* TASK TO CARRY OUT
Every entry gets copied exactly. No images go into the copy.

* GIVEN INFORMATION
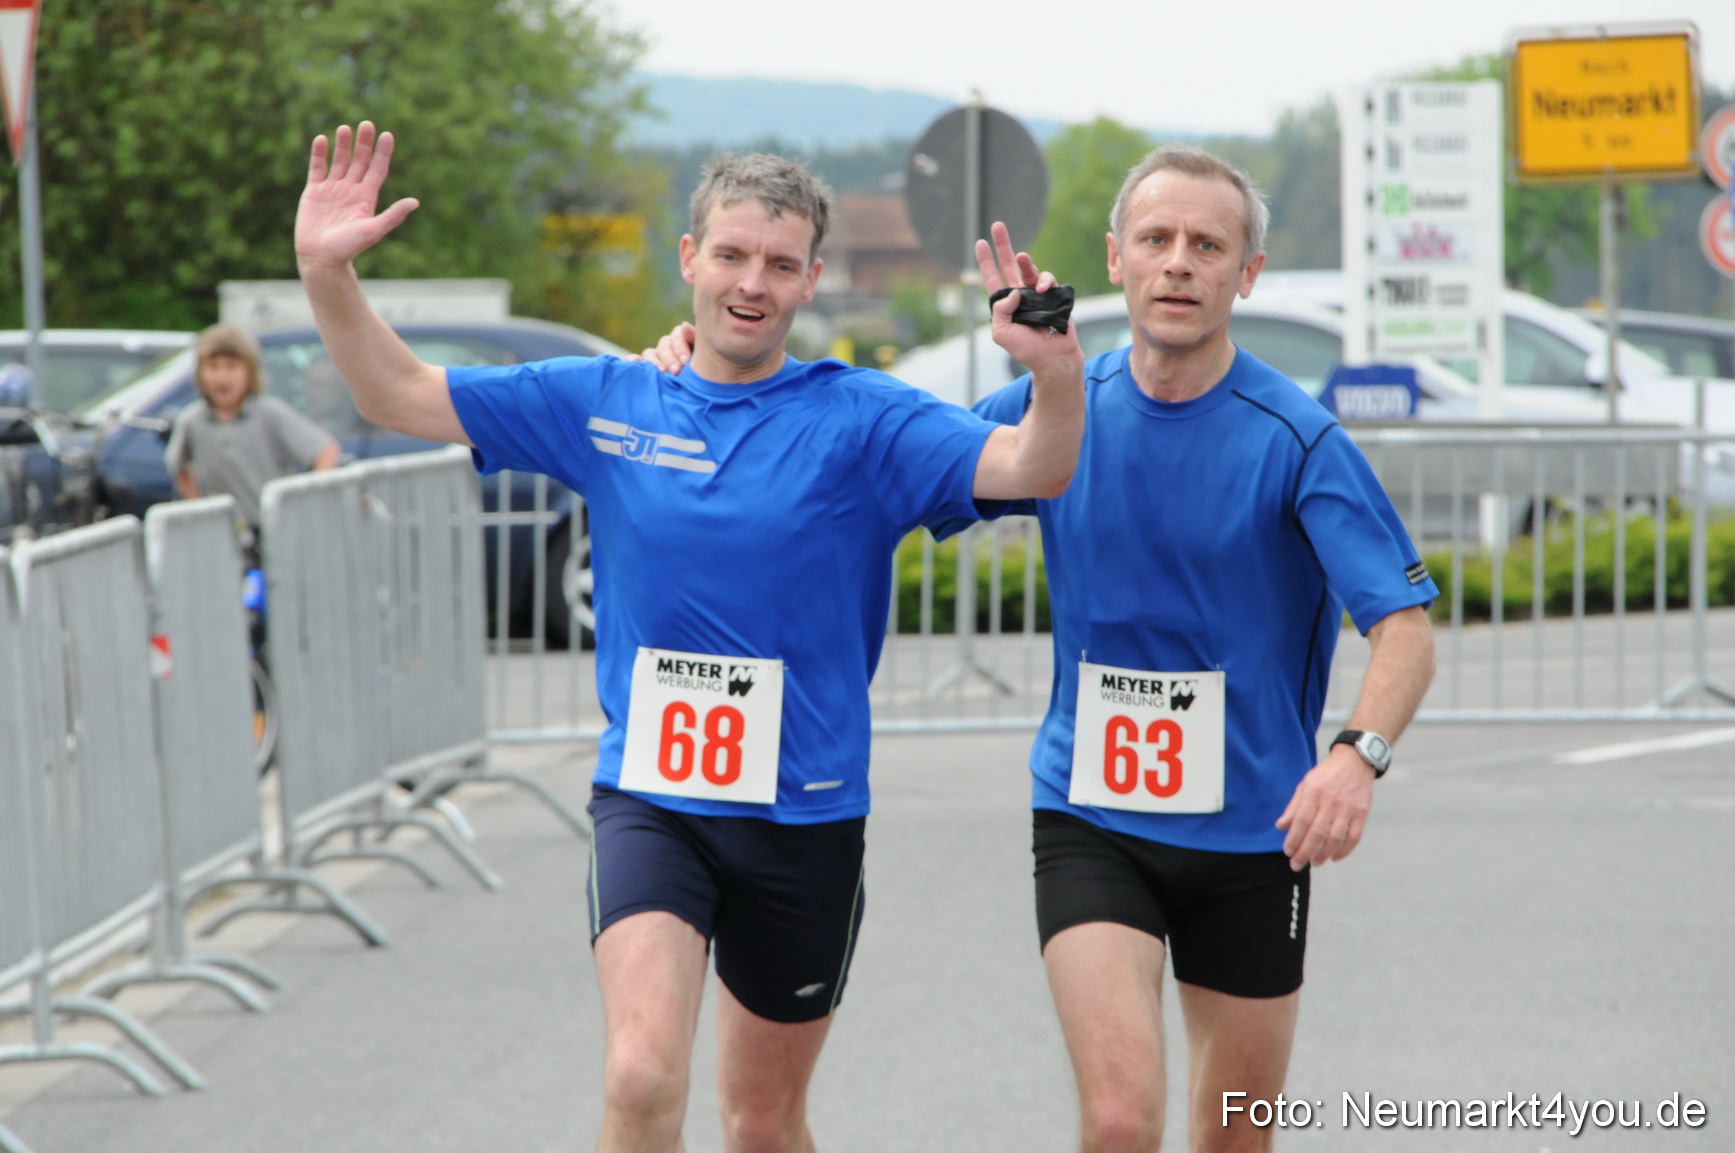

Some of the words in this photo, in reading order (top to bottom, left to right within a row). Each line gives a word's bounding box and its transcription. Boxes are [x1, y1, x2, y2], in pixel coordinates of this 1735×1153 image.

[1532, 84, 1677, 119] Neumarkt
[656, 657, 722, 679] MEYER
[656, 674, 723, 692] WERBUNG
[1101, 673, 1163, 695] MEYER
[1101, 690, 1165, 708] WERBUNG
[657, 701, 745, 786] 68
[1103, 715, 1183, 798] 63
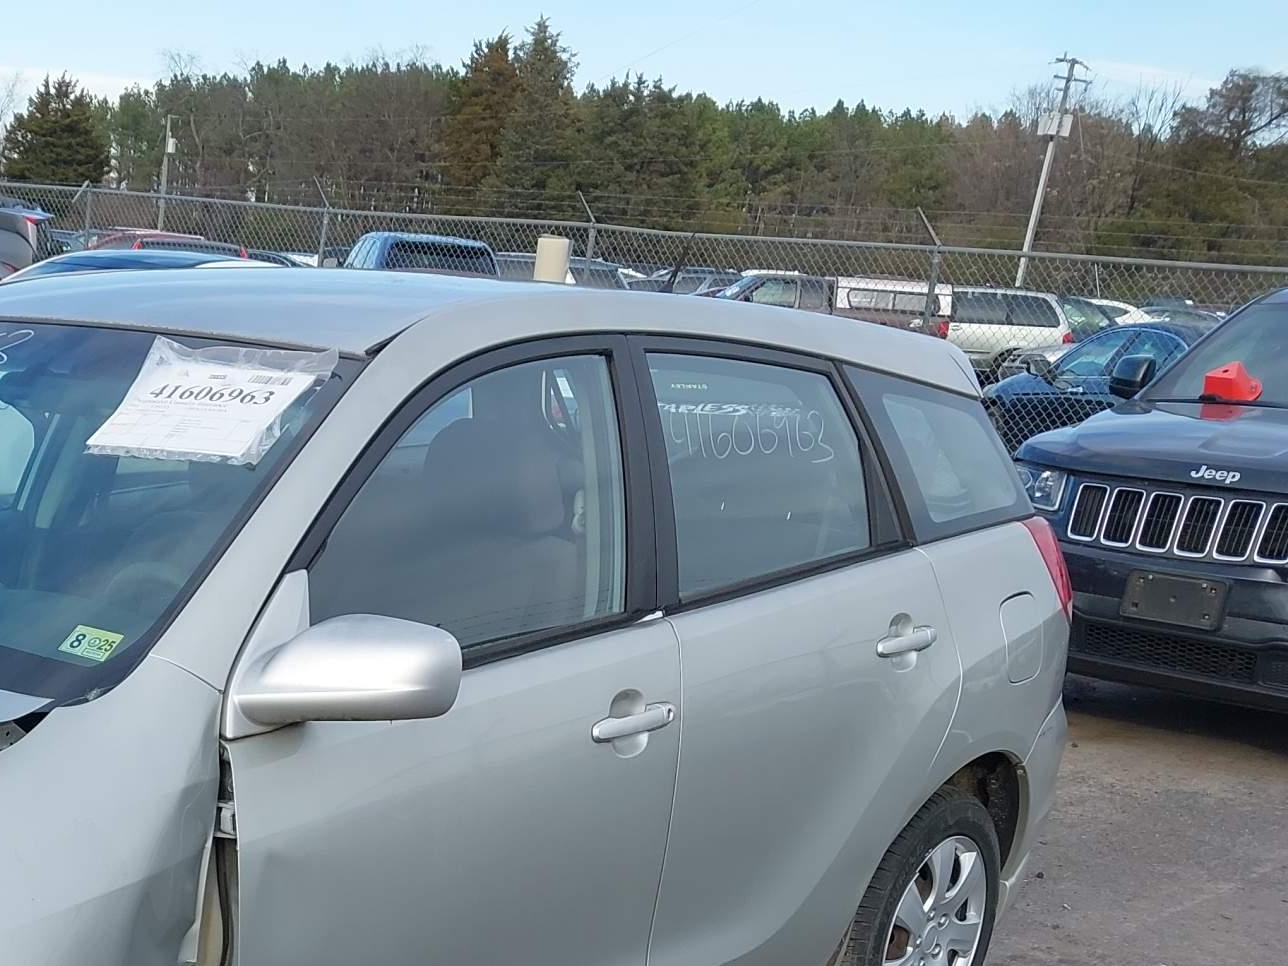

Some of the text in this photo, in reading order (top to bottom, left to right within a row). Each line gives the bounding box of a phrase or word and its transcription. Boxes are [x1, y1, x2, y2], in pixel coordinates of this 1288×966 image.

[149, 383, 276, 406] 41606963
[669, 409, 834, 463] 41606963
[1190, 465, 1241, 484] Jeep
[69, 633, 117, 652] 8 25
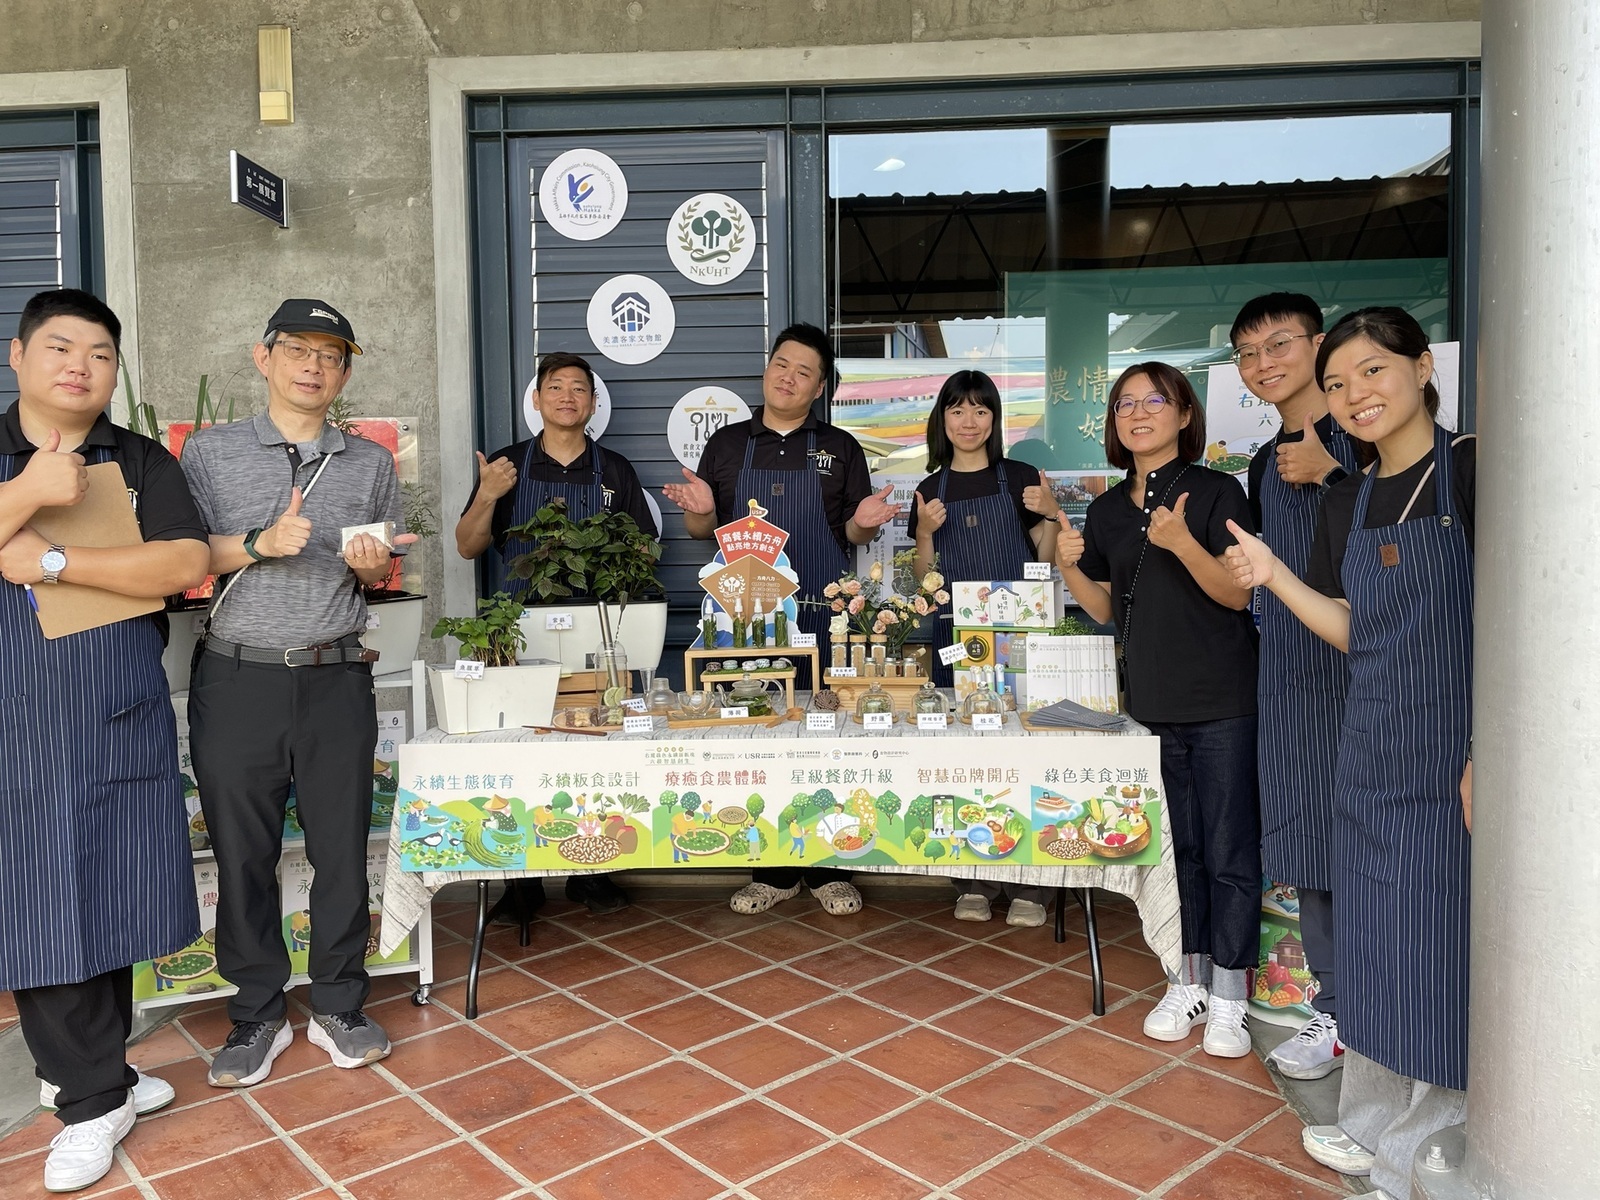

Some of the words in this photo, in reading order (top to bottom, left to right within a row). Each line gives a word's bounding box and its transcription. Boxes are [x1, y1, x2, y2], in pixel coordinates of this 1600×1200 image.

* SOLUTION TO THE EXERCISE
Some of the words in this photo, in reading order (top to bottom, left to right within a row). Each line gives a word's bounding box and its transcription. Boxes are [x1, y1, x2, y2], in pixel coordinates of this 1735×1153 image.

[1532, 84, 1677, 119] Neumarkt
[656, 657, 722, 679] MEYER
[656, 674, 723, 692] WERBUNG
[1101, 673, 1163, 695] MEYER
[1101, 690, 1165, 708] WERBUNG
[657, 701, 745, 786] 68
[1103, 715, 1183, 798] 63

Some of the text in this photo, in reading order (top to bottom, left to right within a row). Each line gives the bounding box of a phrase or word and its transcription. Boxes are [x1, y1, x2, y2], in pixel coordinates of this 1288×966 image.

[149, 383, 276, 406] 41606963
[669, 409, 834, 463] 41606963
[1190, 465, 1241, 484] Jeep
[69, 633, 117, 652] 8 25

Some of the words in this photo, in reading order (top to bottom, left to right within a row). Each line gives a word's bounding box and its transcription. Boxes are [x1, y1, x2, y2], in pixel coordinates of this 1600×1200 image.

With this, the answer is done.